EXERCISE REQUIREMENTS:
Reproduce only the lines from the line containing "this 1280×1706 image." to the end of the entries below, including both of those lines.
DATASET CONTENT Start Marker
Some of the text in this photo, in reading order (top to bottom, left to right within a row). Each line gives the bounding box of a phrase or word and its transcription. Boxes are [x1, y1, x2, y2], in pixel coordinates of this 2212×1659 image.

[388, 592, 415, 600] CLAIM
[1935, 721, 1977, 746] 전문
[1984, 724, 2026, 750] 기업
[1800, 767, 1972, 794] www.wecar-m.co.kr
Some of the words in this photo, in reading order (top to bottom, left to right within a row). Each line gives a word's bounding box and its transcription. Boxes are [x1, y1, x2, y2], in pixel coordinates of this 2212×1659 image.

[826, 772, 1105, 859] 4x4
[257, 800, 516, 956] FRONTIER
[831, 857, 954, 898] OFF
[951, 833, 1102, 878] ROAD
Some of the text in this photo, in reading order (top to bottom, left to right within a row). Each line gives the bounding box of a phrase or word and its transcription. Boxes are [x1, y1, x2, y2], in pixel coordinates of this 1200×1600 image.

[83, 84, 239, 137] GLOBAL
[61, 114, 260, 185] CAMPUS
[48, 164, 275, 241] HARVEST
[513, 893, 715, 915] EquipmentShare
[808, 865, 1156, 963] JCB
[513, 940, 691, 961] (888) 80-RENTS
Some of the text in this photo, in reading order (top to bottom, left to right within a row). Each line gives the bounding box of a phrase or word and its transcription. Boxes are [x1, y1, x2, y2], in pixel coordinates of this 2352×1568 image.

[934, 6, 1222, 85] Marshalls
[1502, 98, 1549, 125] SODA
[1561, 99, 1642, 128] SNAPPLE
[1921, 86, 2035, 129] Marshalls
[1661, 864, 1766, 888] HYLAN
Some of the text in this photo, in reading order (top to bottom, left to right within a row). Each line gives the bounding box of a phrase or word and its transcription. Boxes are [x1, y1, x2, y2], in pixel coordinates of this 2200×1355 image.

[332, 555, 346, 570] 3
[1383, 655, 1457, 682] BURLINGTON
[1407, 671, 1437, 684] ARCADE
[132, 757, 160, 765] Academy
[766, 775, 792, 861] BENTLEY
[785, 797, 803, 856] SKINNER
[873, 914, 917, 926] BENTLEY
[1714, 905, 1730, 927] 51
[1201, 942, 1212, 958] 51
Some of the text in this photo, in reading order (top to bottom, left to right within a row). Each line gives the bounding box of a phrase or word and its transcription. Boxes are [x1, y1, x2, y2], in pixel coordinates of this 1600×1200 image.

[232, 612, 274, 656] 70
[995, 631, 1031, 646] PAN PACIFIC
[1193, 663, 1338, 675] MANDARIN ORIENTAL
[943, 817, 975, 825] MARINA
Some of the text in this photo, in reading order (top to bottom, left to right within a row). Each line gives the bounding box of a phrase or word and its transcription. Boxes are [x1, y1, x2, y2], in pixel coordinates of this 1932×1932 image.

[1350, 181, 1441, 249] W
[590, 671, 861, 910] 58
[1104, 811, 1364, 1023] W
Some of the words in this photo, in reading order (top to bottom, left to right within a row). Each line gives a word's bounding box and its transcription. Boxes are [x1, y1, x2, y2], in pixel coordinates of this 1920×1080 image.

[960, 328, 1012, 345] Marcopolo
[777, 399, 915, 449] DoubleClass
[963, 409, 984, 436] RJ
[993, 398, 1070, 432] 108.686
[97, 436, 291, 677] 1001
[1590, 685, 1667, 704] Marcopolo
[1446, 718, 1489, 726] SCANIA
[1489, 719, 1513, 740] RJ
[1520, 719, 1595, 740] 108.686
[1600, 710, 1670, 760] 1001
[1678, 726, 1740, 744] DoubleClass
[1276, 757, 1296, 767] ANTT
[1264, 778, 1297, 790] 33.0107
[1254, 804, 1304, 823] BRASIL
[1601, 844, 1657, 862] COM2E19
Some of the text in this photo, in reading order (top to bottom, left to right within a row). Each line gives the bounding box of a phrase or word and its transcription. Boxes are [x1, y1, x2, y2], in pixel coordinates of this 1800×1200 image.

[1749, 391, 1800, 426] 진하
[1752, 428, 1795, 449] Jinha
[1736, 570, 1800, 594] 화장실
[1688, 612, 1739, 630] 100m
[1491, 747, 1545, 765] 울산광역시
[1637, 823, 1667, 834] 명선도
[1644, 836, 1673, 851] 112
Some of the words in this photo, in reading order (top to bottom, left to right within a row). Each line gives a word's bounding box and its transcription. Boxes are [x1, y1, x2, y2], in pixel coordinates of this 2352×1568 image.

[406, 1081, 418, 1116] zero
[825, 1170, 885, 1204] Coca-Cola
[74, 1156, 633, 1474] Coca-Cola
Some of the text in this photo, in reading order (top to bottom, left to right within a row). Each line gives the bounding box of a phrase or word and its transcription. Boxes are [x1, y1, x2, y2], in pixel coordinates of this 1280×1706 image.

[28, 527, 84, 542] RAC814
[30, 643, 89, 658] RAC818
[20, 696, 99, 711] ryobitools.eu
DATASET CONTENT End Marker
RESULT:
Some of the text in this photo, in reading order (top to bottom, left to right within a row). Each line gives the bounding box of a phrase or word and its transcription. Boxes are [x1, y1, x2, y2], in pixel coordinates of this 1280×1706 image.

[28, 527, 84, 542] RAC814
[30, 643, 89, 658] RAC818
[20, 696, 99, 711] ryobitools.eu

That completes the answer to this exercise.